▼▼▼

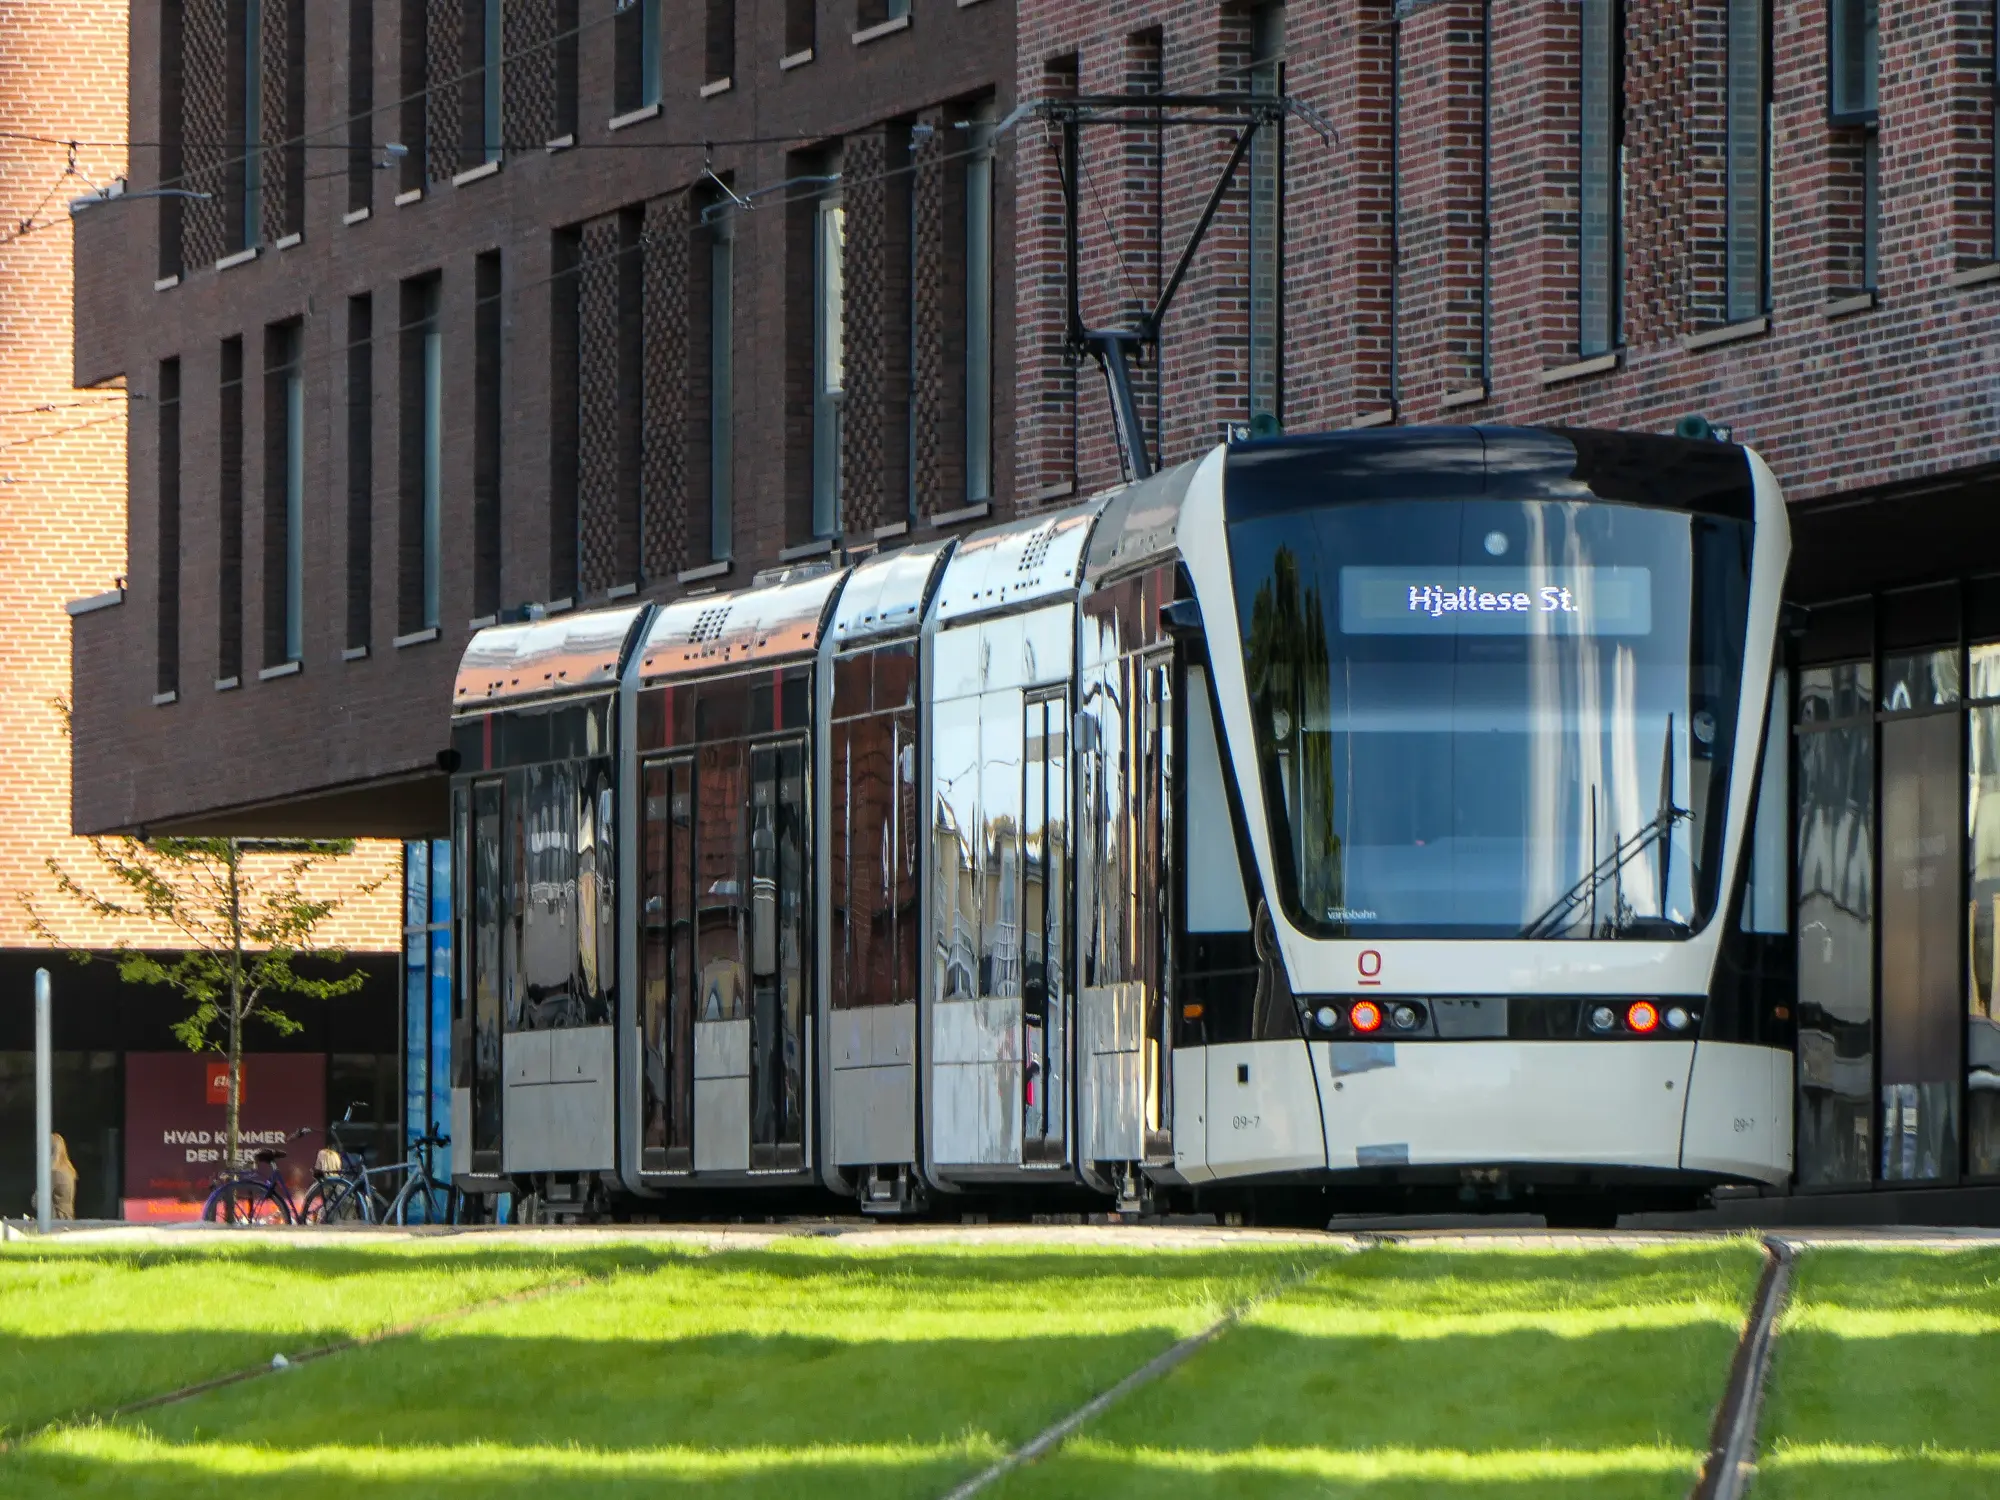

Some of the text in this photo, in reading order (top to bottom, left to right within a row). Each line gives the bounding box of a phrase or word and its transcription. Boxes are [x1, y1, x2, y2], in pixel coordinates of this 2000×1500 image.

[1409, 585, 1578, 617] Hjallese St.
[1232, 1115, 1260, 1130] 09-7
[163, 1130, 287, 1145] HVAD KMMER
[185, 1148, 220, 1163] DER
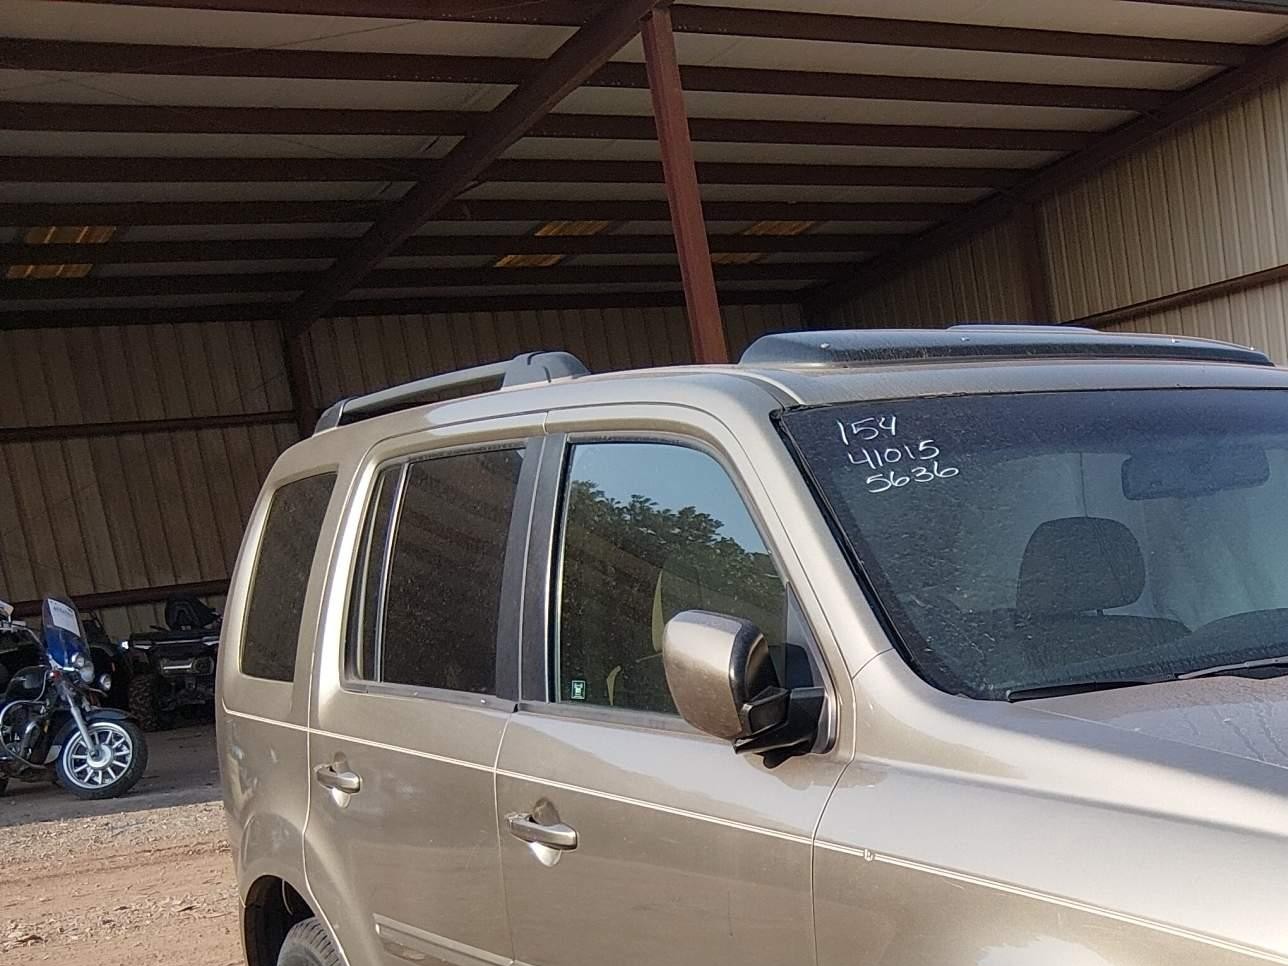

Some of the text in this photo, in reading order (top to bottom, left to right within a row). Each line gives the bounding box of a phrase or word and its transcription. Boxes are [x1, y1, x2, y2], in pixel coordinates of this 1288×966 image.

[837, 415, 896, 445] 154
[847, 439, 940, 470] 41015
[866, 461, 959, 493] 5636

▲▲▲

PROBLEM TO SOLVE –
The lines to reproduce run from the one that contains "this 1288×966 image." through the last line above; copy them exactly.

RESPONSE AREA –
Some of the text in this photo, in reading order (top to bottom, left to right within a row). Each line gives the bounding box of a phrase or word and its transcription. Boxes are [x1, y1, x2, y2], in pixel coordinates of this 1288×966 image.

[837, 415, 896, 445] 154
[847, 439, 940, 470] 41015
[866, 461, 959, 493] 5636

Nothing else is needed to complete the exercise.